An ellipsoidal axehead (copper or bronze) from the region of Elam (provenance is uncertain as it is in a private collection) reads "(For) Maništušu, king of Kiš, Māšum, the charioteer, his servant". This form of axehead is known from other examples and from Akkadian Empire iconography. A marble mace head found at Sippar (BM 91018) reads "Man-istusu, king of the world, dedicated (this mace) to the goddess Belat-Aia". An alabaster mace head found at Isin (IB 1878 - Iraqi Museum number unknown), in the shrine of Ninurta of the Gula temple, reads "Man-istusu, king of the world, dedicated (this mace) to the goddess Ninisina.". Some inscriptions of the underlings of Manishtushu are known.
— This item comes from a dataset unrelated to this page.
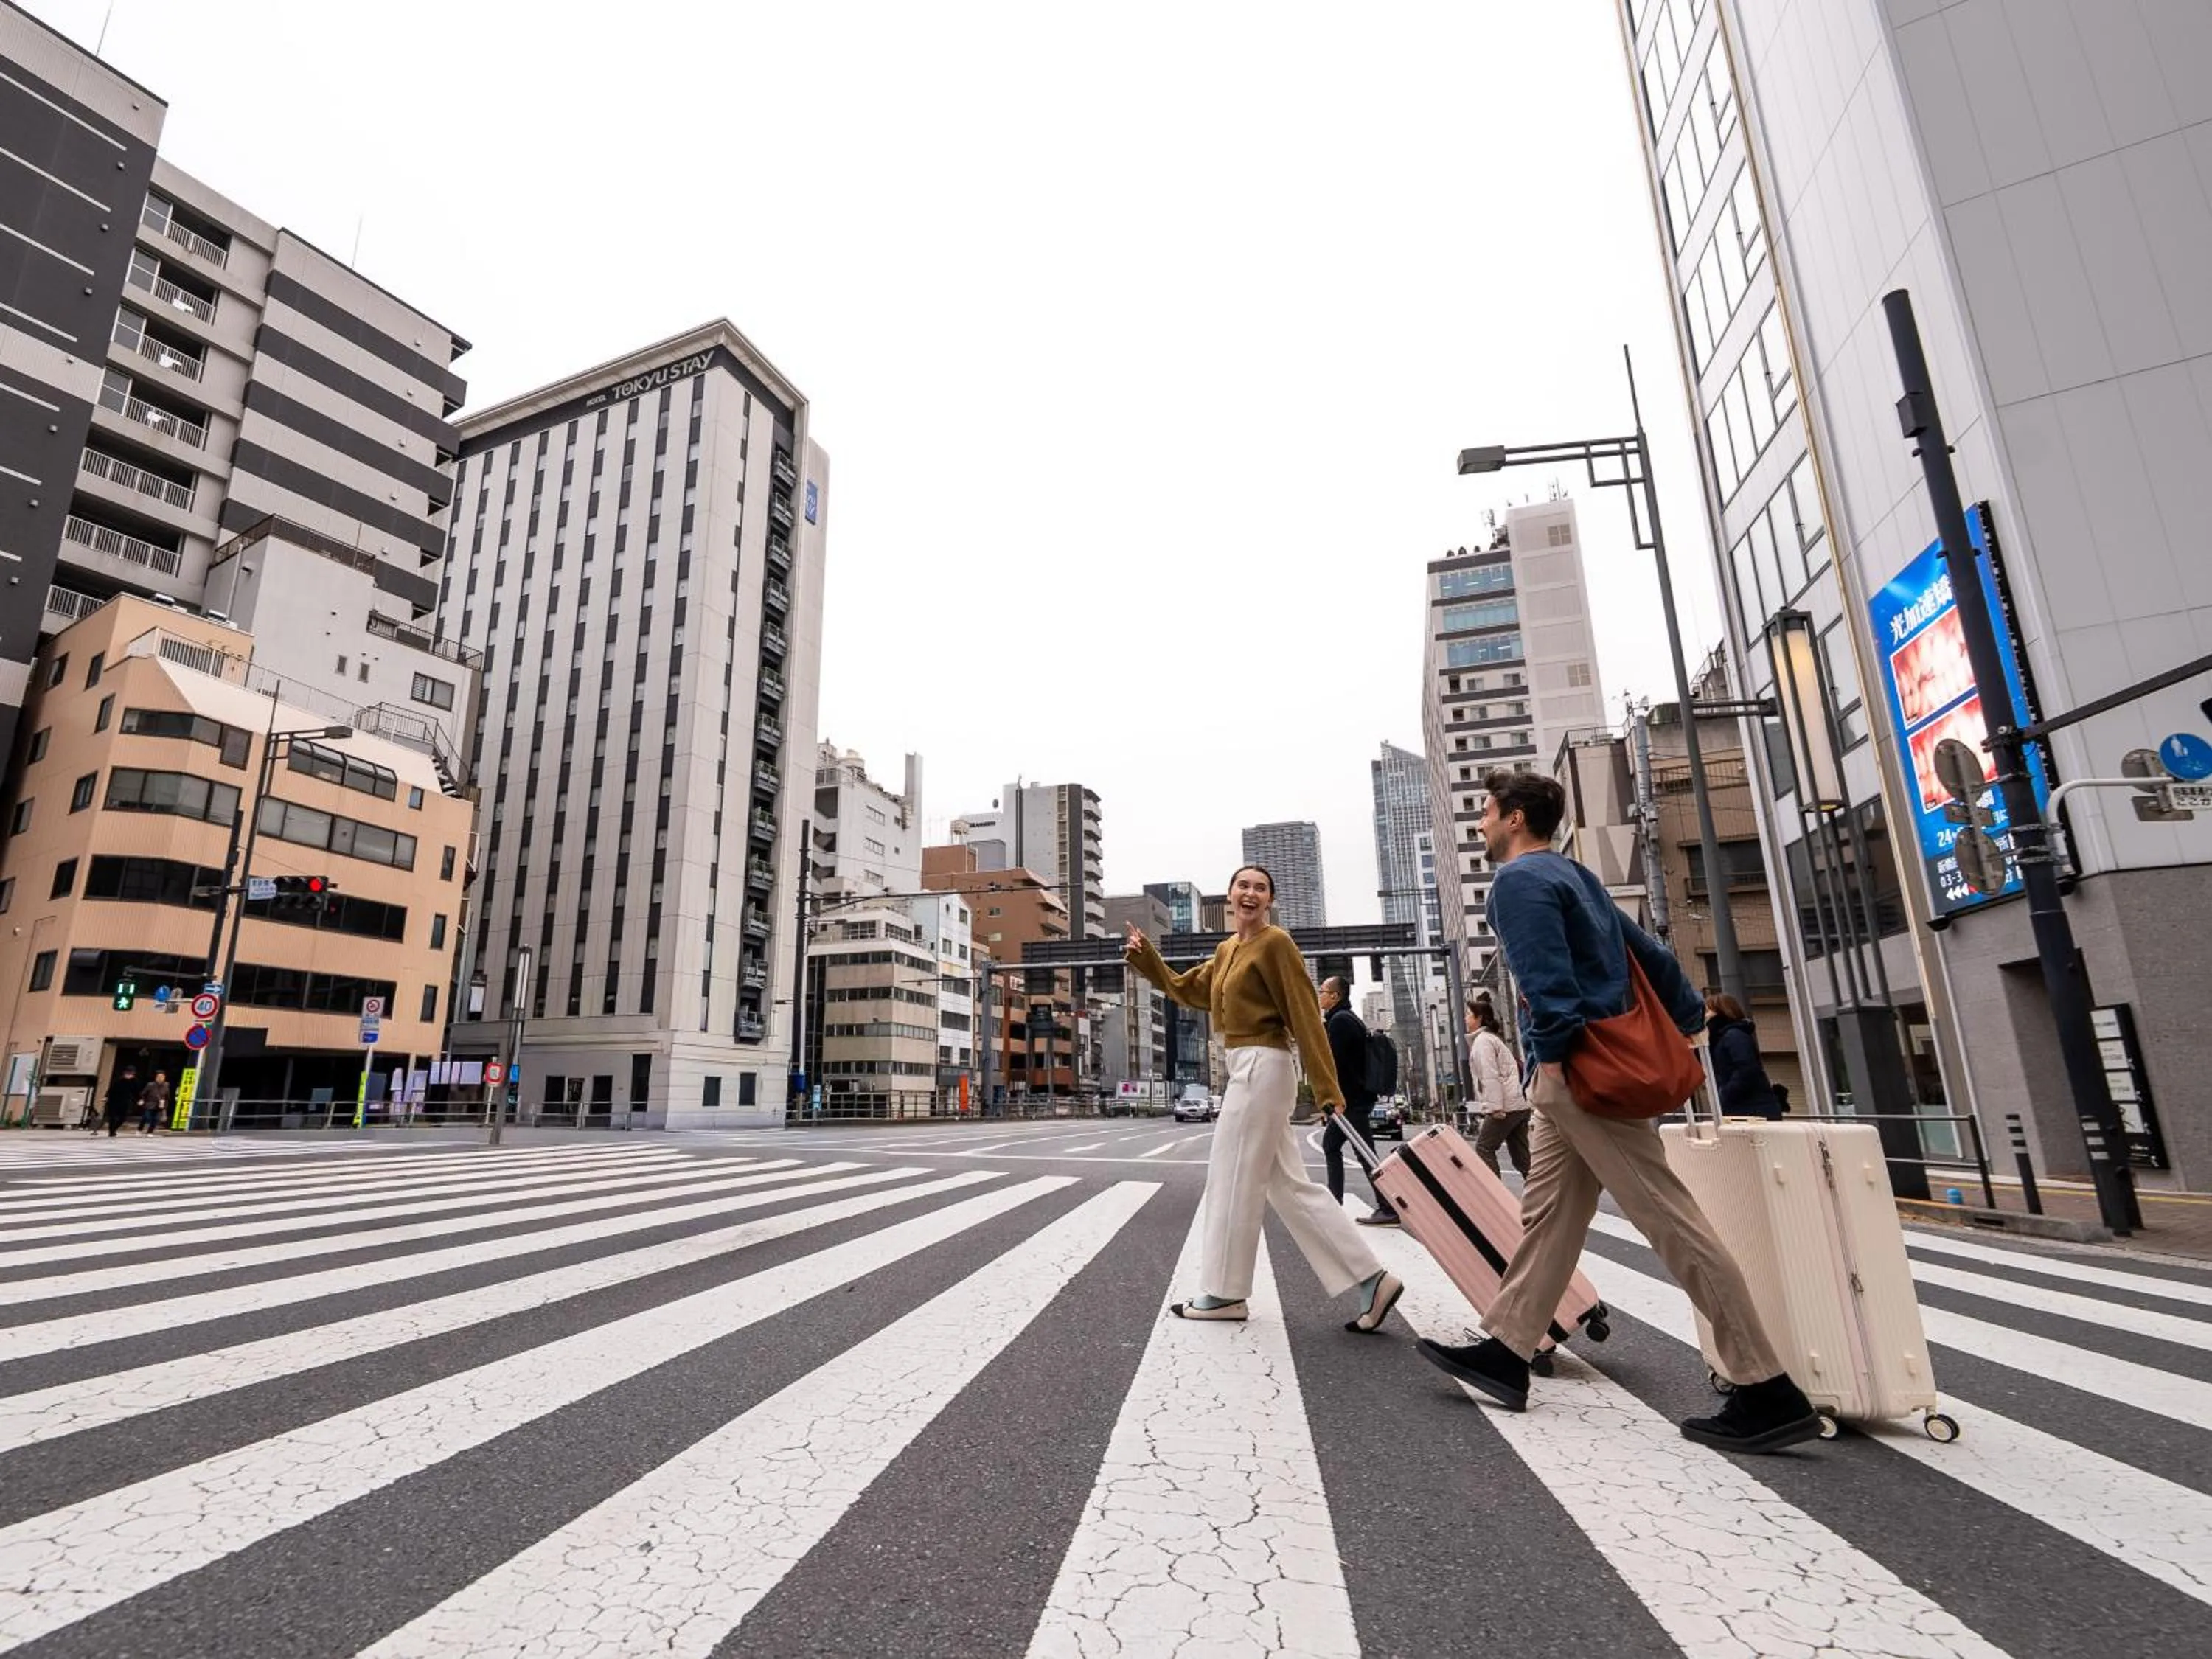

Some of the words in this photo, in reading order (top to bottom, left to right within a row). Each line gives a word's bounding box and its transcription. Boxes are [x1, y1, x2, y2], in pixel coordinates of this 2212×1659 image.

A votive statue found at Susa reads "Man-istusu, king of the world: Espum, his servant, dedicated (this statue) to the goddess Narunte." and a copper spear point found at Assur (VA 8300) read "Man-istusu, king of the world: Azuzu, his servant, dedicated (this spear) to the god Be'al-SI.SL".

"ma-an-iš-tu-su / lugal / kiš / eš_{18}-pum / ARAD_{2}-su / a-na / ^{{d}}na-ru-ti / a mu-na-ru

For Manishtushu king of Kish, Eshpum his servant, dedicated this statue to Narundi"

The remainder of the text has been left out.